If you want peace of mind and consistent feelings of dread when you look at your living room wall, then set aside some time over spring break and call an expert. It’ll be worth it just not having to think about all those horrible thoughts of I wonder what’s behind that crack? Happening every time you walk by!
6. Does It Run Parallel With The Beam, Joist, Or Wall Stud?
This can give you an idea of how serious it could be. If it’s next to something holding up your house, you may have some cause for concern. On the other hand, if it’s not near anything supporting your house, don’t panic: It just means it doesn’t have any bearing on whether or not your house will collapse, but that doesn’t mean it isn’t worth investigating further.
An inspector will use various tools and methods for determining what exactly caused the crack and what kind of damage has been done, but one of their first questions is always going to be, did anything happen before you notice a crack in your wall? Knowing what happened before your crack can help indicate how serious of an issue it might be.
7. Is It Located Under Floorboards, And Are They Lost?
A crack in your wall under a floorboard indicates that you may develop dry rot. This can make your property unstable and even lead to structural damage. If you’re unsure whether or not your floorboards are loose, take them up for inspection.
You may find that replacing or fixing your floorboards is more cost-effective than treating dry rot; call us today for advice on which option is best for you. If you don’t want to go down either of these routes, consider covering up any cracks with wallpaper – it will hide them nicely while they continue spreading throughout your home.
8. Have Termites Invaded Nearby Wooden Structures?
The easiest way to tell whether termites have been bugging your property for a while and which structures they’ve already hit—is by looking at some of your local (neighboring) wooden structures.
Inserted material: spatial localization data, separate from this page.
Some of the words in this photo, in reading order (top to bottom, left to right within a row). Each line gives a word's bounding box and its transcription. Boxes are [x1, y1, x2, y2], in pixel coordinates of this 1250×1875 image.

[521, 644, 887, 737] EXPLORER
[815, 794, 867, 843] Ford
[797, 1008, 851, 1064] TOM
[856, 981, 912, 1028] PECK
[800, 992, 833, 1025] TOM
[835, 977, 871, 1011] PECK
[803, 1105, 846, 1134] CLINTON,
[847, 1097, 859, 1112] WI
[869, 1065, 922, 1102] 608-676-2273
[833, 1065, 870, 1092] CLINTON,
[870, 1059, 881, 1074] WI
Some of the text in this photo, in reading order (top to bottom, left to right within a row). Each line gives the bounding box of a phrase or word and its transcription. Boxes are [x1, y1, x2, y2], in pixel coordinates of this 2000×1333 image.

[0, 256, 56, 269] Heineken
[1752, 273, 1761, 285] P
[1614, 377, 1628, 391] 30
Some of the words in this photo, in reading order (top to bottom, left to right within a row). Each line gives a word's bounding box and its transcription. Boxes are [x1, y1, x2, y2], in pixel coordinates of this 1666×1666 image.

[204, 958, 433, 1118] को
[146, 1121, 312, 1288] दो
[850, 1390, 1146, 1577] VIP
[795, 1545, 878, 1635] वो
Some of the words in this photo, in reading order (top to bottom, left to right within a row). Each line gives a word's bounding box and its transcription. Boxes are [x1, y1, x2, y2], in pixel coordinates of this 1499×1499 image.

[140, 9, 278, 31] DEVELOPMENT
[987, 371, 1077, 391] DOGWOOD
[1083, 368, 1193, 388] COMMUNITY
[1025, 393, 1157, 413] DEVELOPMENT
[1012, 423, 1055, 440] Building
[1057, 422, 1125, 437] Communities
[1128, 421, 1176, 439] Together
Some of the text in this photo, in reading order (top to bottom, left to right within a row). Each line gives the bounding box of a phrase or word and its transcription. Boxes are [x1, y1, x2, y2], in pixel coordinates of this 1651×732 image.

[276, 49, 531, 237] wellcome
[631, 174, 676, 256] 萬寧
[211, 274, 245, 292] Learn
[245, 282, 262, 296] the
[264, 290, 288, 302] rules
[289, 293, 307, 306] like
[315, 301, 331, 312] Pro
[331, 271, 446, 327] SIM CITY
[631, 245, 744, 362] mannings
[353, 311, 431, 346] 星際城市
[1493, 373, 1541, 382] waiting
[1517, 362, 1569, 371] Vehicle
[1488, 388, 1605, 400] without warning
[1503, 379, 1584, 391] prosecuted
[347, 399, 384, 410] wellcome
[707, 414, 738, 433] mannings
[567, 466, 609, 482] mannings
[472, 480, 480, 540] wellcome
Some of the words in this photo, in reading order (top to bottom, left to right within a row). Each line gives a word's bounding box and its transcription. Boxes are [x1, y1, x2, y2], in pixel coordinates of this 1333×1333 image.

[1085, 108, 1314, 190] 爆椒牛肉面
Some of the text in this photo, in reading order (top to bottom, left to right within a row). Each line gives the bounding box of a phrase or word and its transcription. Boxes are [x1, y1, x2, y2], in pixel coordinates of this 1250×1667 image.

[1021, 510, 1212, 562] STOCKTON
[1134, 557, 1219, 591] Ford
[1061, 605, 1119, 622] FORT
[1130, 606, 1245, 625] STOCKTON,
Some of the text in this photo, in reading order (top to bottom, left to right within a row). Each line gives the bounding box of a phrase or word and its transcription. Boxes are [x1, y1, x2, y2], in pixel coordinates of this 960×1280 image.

If they’re damaged, likely termites are living nearby.
Their footprint can be anything from half-eaten wood panels on your shed door to cracked tiles hanging off your roof. When you figure out what the damage looks like, you can identify it and get rid of them before it spreads across your home.
Cracks in your wall might not seem like a big deal, but if they’re not taken care of quickly, they can lead to bigger problems like cracks in the ceiling or leaks behind the wall. These are just some indicators that it’s time to call a structural engineer to look at the issue and offer advice on how to fix it properly.